Region: World » Italy » Trentino-South Tirol
Date of the hike:28 July 2012
Hiking grading: T3+ - Difficult Mountain hike
Via ferrata grading: PD
Waypoints:
Geo-Tags: I 
Time: 4:30
Height gain: 590 m 1935 ft.
Height loss: 590 m 1935 ft.
Route:Arrivo seggiovia Costabella sent 604, rif delle Selle, sent 637 di cresta, Forcella del Ciadin rientro sent 637B
Access to start point:Dal Passo di San Pellegrino, seggiovia Costabella, all'arrivo sentiero 604 fino al rif. Delle Selle(BergVagabundenhutte).
Accommodation:Al rifugio o alberghi al Passo di San Pellegrino.
Maps:Tabacco 06

Come iniziare questa relazione, inizio dall'alba di questo bellissimo 28 luglio 2012, con appunto l'alba dei "Suoni delle Dolomiti", siamo sul Col Margherita, alle 5,30 del mattino ed aspettiamo Luciano Biondini, fisarmonicista, che suonerà con alle spalle uno spettacolo unico : Marmolada, Antelao, Civetta, Focobon e Pale di san Martino; Wow!
Abbiamo preso alloggio, venerdì sera a Falcade, ed alle 4.30 sveglia e partenza per la funivia di Col Margherita, aperta per l'occasione, siamo sù verso le 5 e 15 e ci dirigiamo verso un piccolo anfiteatro, lì assistiamo ad un evento unico.
Alle 8.30 siamo alla stazione di partenza della seggiovia Costabella, da lì arriviamo a mezza costa della salita del 604, il sentiero che con piccole progressioni ci porta su al rifugio delle Selle Bergvagabundehutte, gestito dal figlio del mitico Bepi detto "Zac", sosta per foto e due chiacchiere e poi si parte per il 637, verso la cresta del sentiero.
Credo che uno spettacolo come abbiamo potuto vedere io ed Irene, una volta arrivati alla cresta, sia emozionante, a sx e dx tutto ciò che le Dolomiti orientali Trentine possono presentare.
Iniziamo così questo sentiero, imbragati e con luce frontale, è un susseguirsi di tratti in cresta, traversi attrezzati, salite e discese su pioli di ferro.....ricoveri, postazioni, salite su terreno sdrucciolevole, fino ad arrivare alla prima cima, la Campagnaccia, siamo a 2737 e tutto attorno a noi è silenzio e sole e luce e fischi di marmotte giù alla Costabella e ricordi di gente finita quassù per sbaglio.
Riprendiamo il sentiero su questo alternarsi di sali-scendi e tratti attrezzati, nostra intenzione se il tempo e le forze ci sorreggono, è di arrivare fino al termine del sentiero, quello prettamente alpinistico(vedere www.vieferrate.it), arriviamo così alla cima di Costabella, incontriamo un gruppo di escursionisti intenti a mangiare; guardiamo il cielo, il meteo inidcava per le 16-17 possibilità di temporali sparsi, ma ci accorgiamo che le nuvole sono in anticipo, sono le 12 circa e comincia a minacciare.

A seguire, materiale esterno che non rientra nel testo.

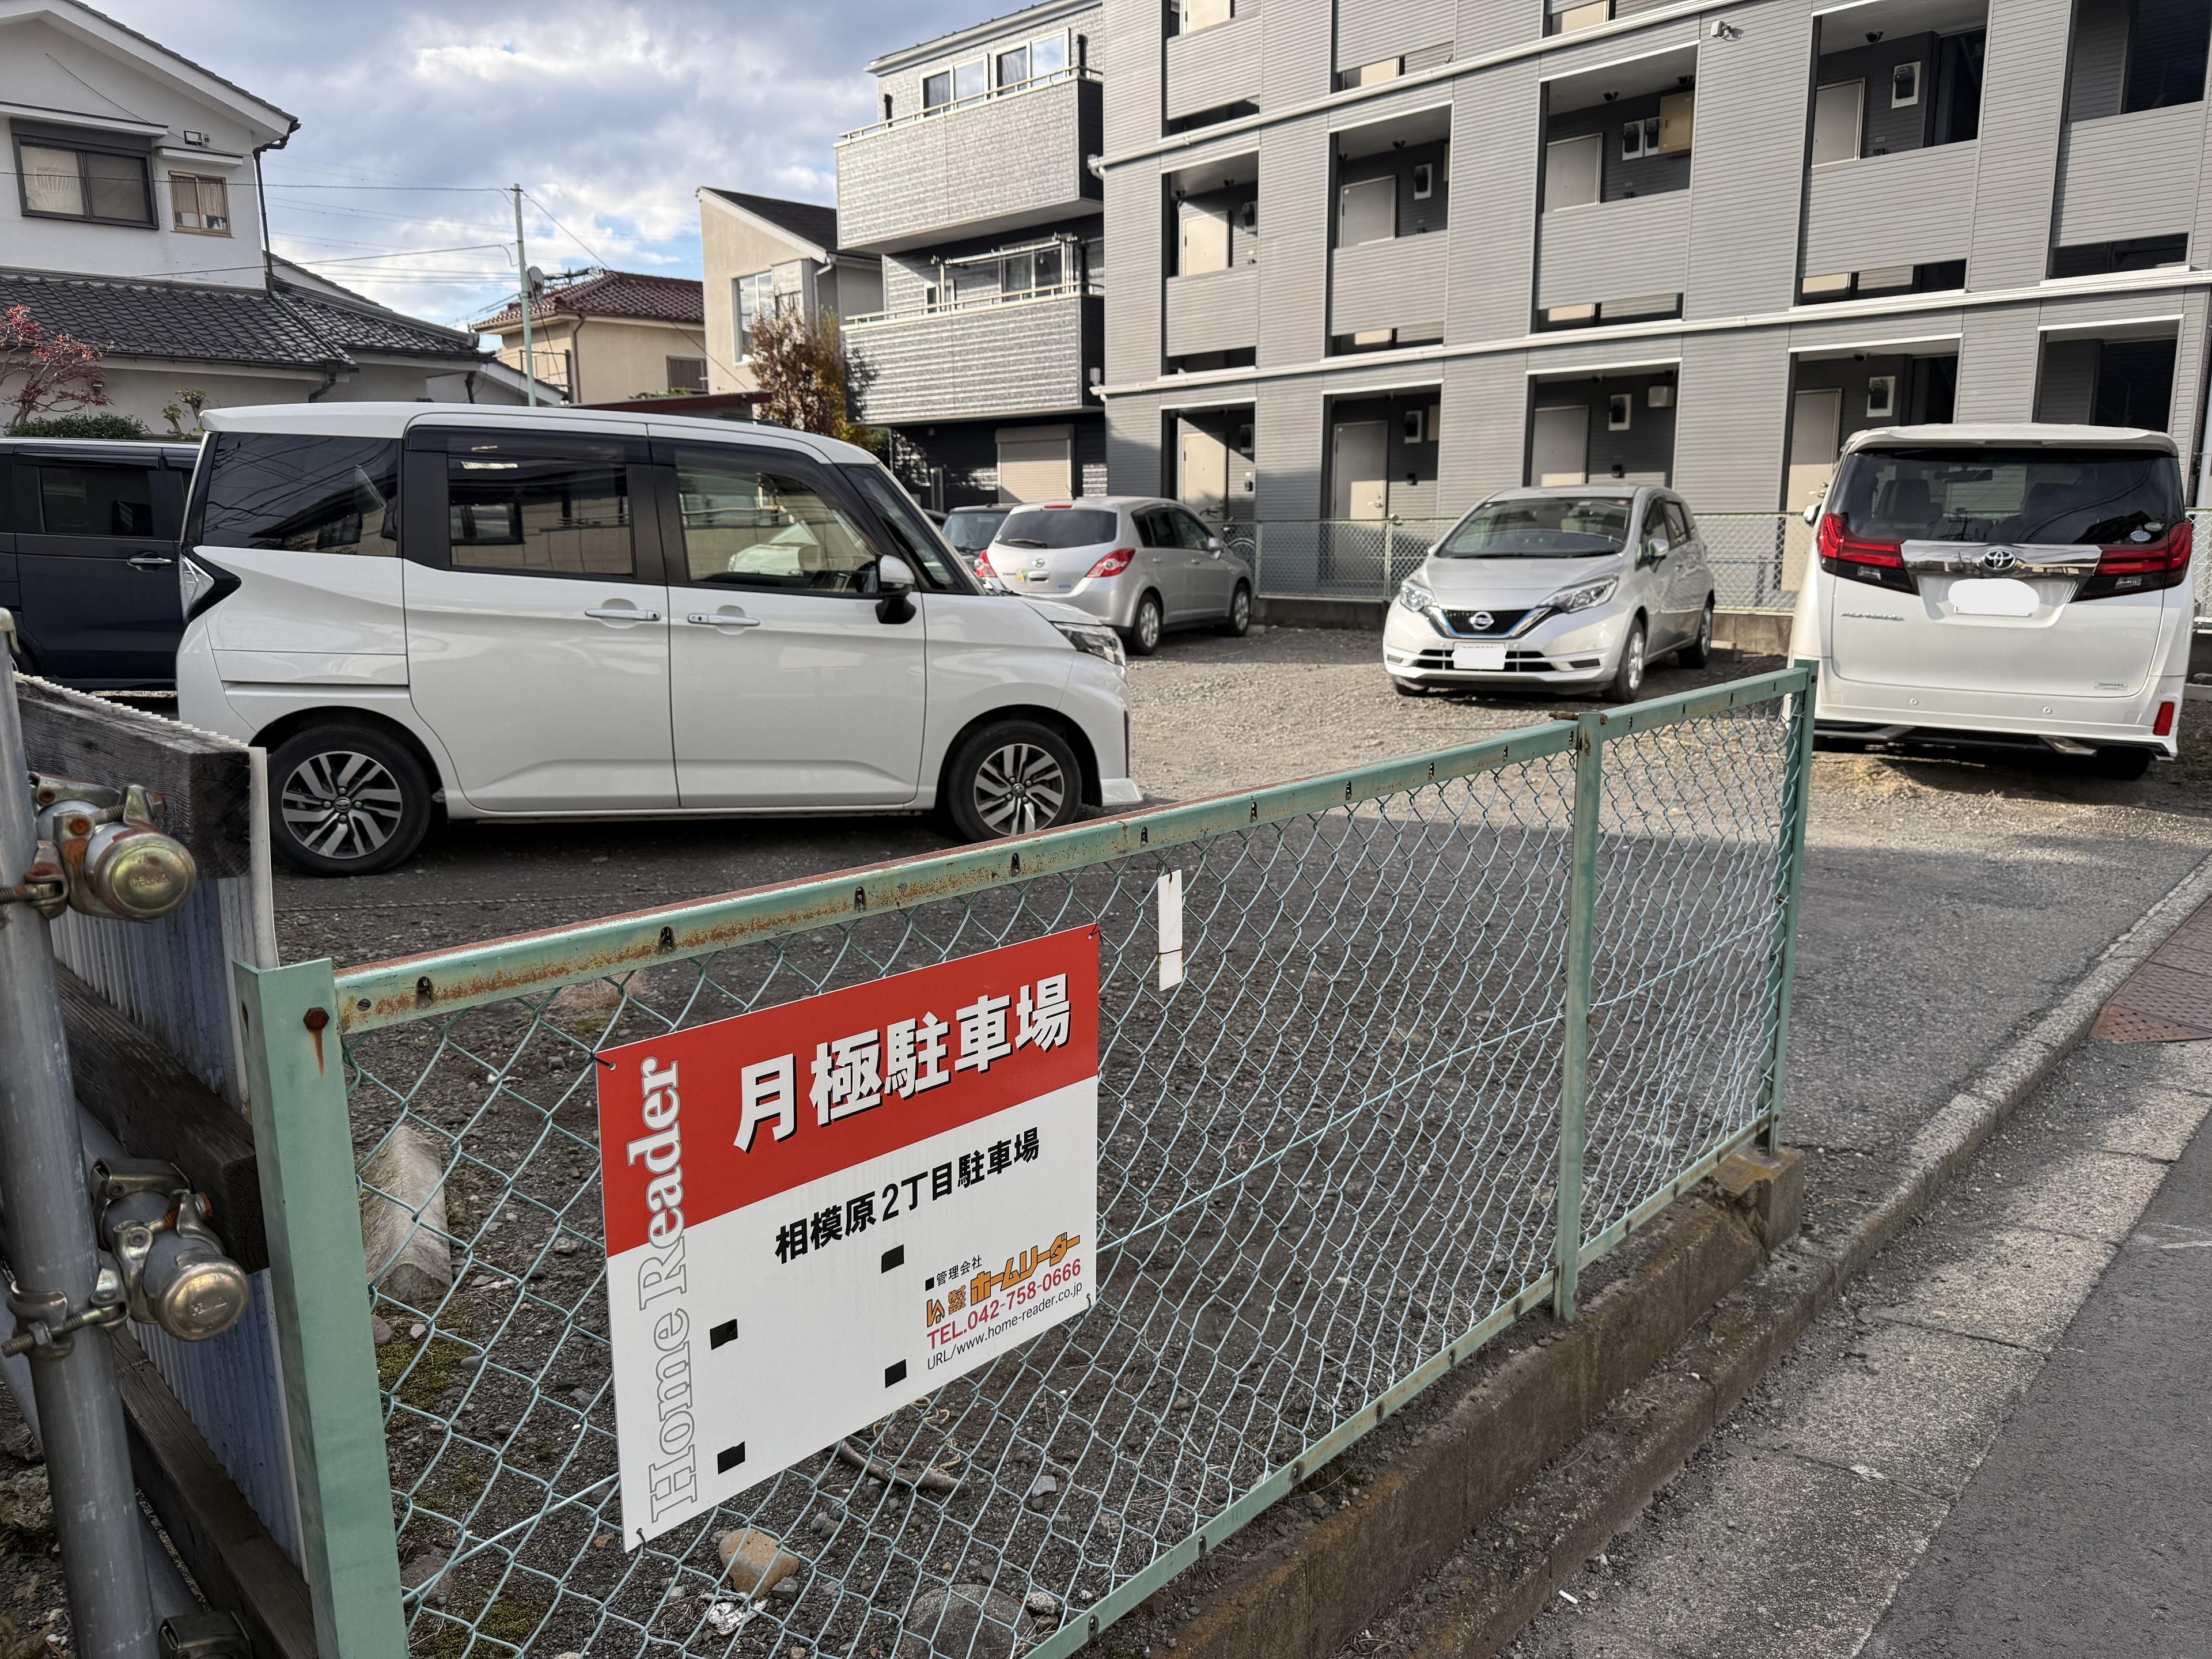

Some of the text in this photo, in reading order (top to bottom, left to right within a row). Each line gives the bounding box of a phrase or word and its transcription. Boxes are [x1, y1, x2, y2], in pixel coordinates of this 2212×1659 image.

[733, 973, 1071, 1154] 月極駐車場
[775, 1127, 1040, 1264] 相模原2丁目駐車場
[627, 1056, 698, 1523] Home Reader
[926, 1257, 1081, 1350] TEL.042-758-0666
[927, 1281, 1083, 1370] URL/www.home-reader.co.jp
[936, 1255, 983, 1287] 管理会社
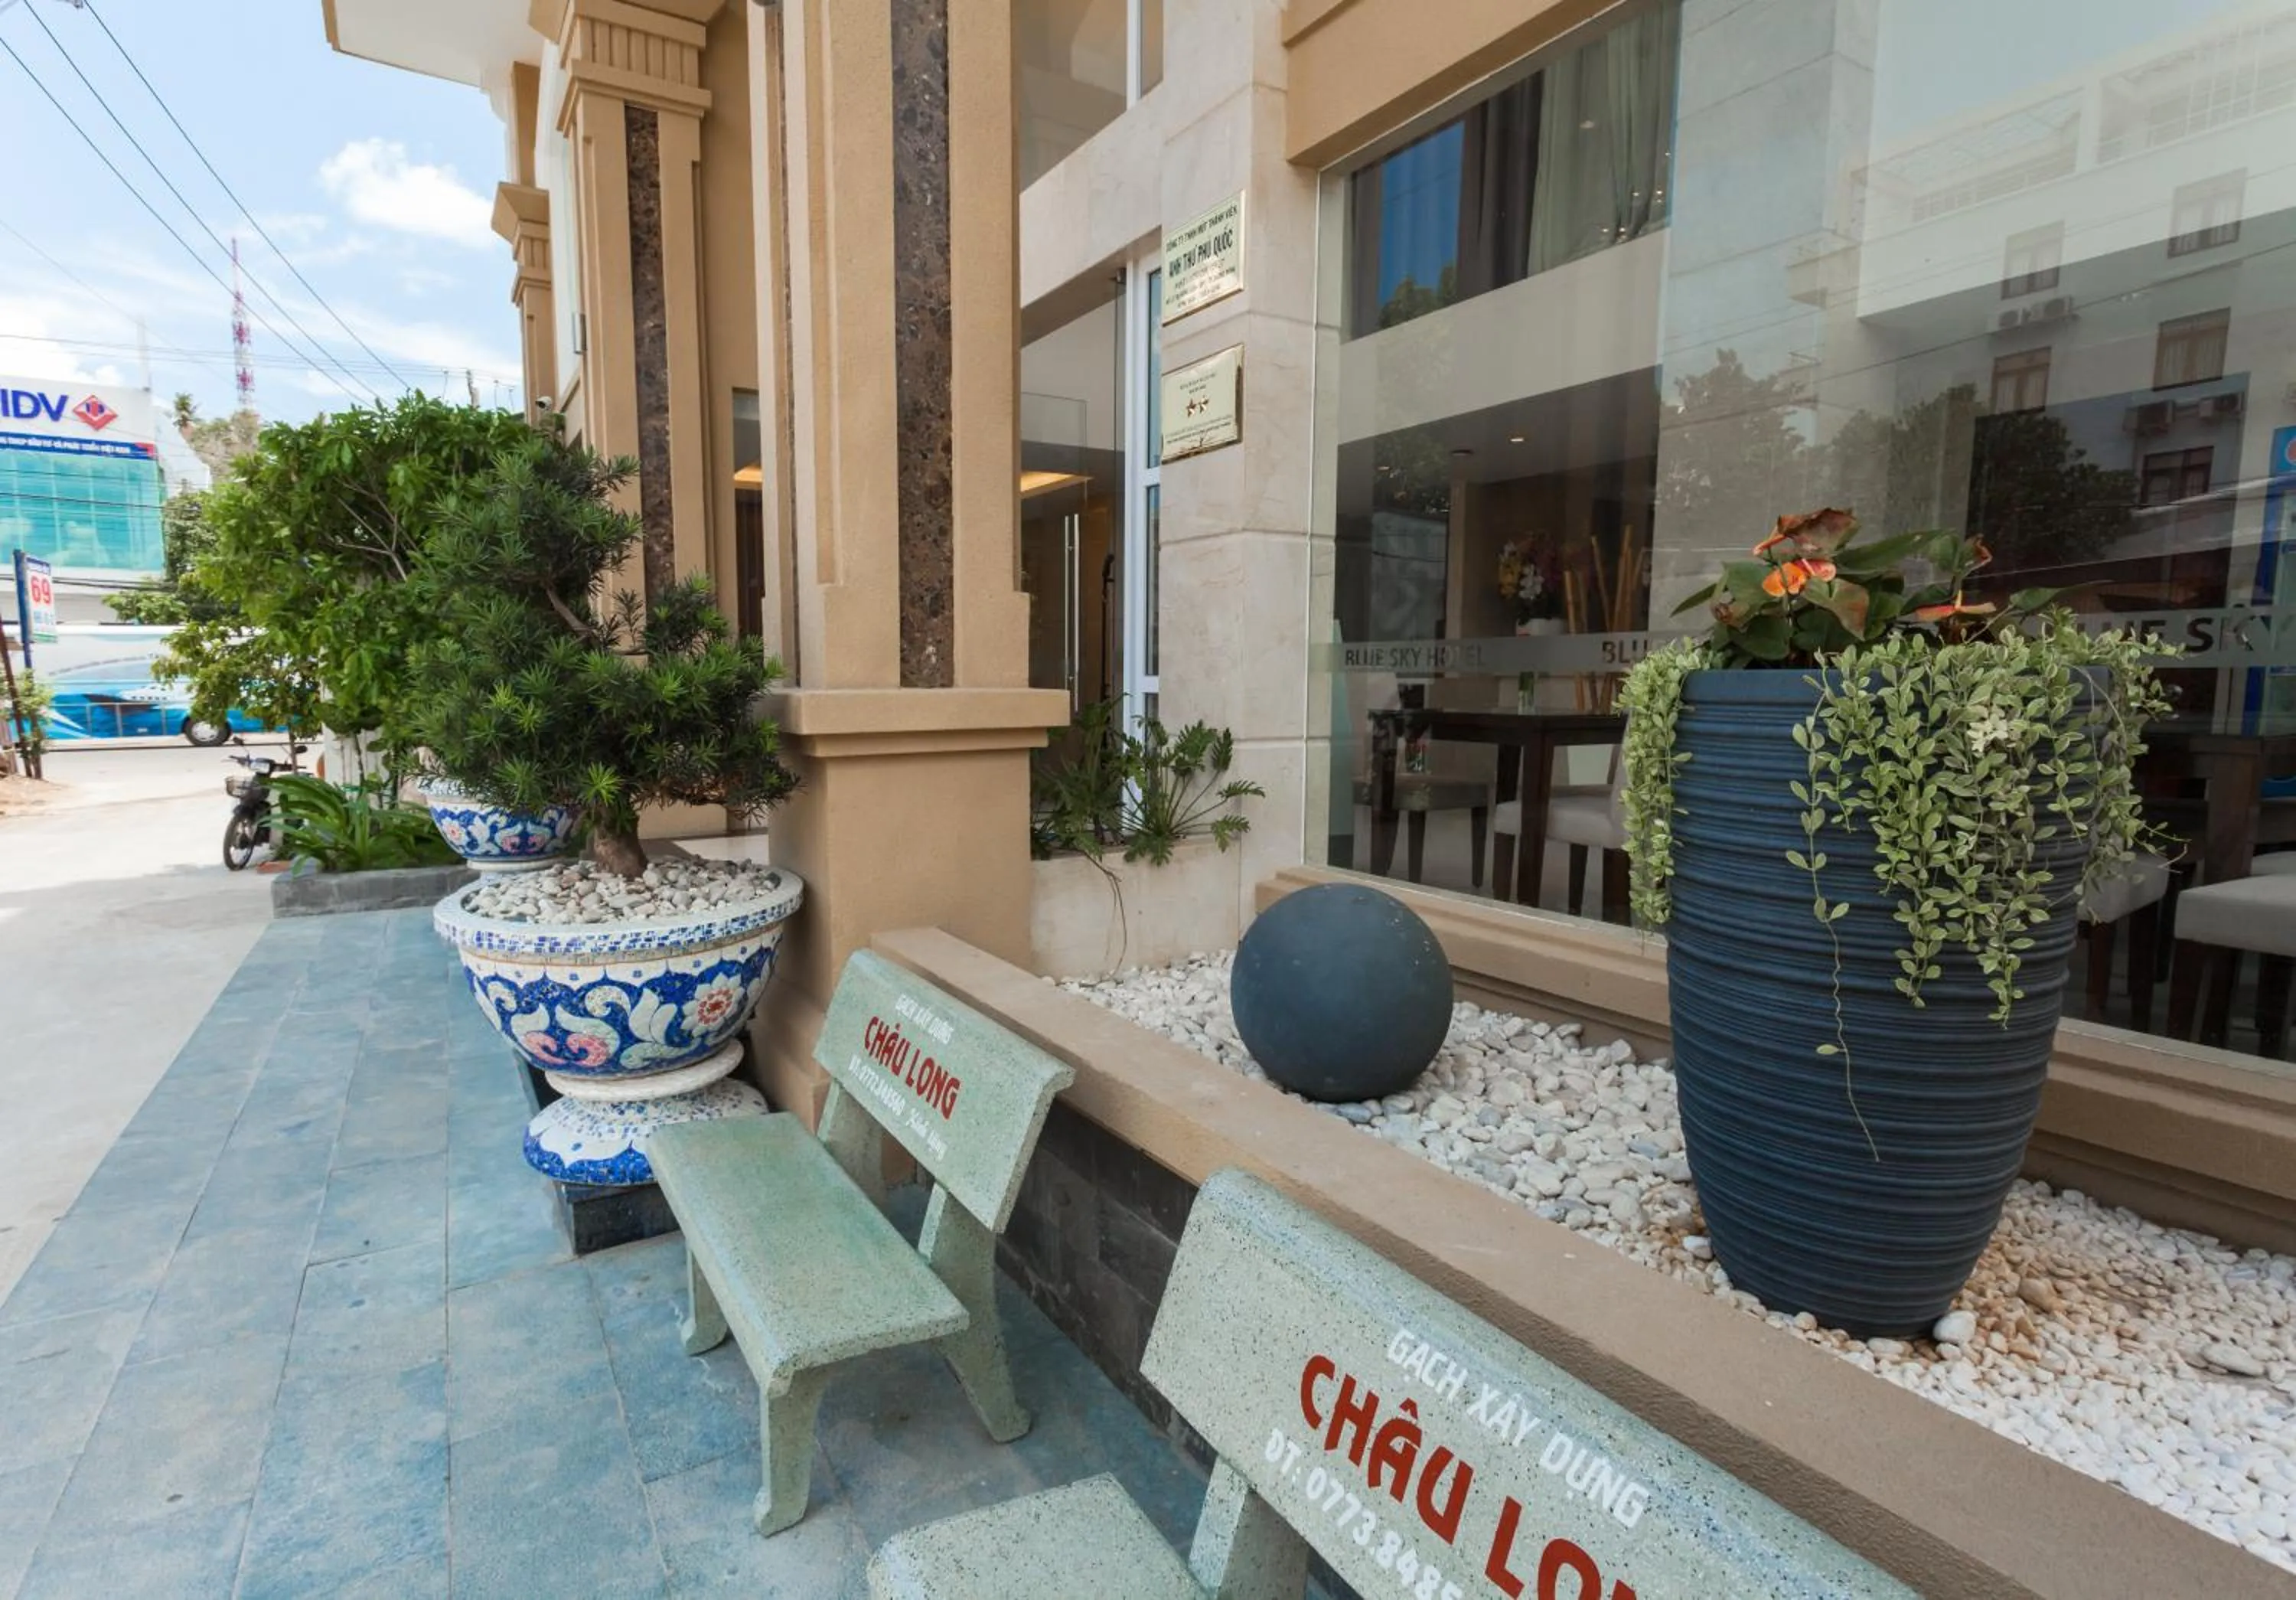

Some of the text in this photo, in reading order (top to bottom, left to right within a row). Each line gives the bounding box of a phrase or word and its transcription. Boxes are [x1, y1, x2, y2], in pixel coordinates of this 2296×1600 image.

Riprendiamo il percorso, ora arriviamo nella parte delle trincee italiane, qui, dentro una roccia a "uovo" era stato ricavato un osservatorio del comando italiano; ora è un museo con fotografie su cosa è la guerra, siamo qui che osserviamo che sentiamo l'allegra brigata avvicinarsi sotto la prima pioggia....ci guardiamo io ed Irene : che fare?, da buona montanara Irene sollecita la partenza per la forcella dei Ciadin per il rientro, "le mucche quando minaccia si dirigono alla malga", bene andiamo.
Ed ora siamo alla forcella, la macchina fotografica nello zaino, siamo sbadatamente senza giacche a vento, iniziamo la discesa in un canalone sdrucciolevole sotto una pioggerellina e con tuoni in lontananza, dopo circa 30 minuti siamo in piano, via verso la stazione della seggiovia, siamo lì verso le 13,40, dopo circa 30 minuti esce di nuovo il sole. Peccato, la seconda parte alla prossima.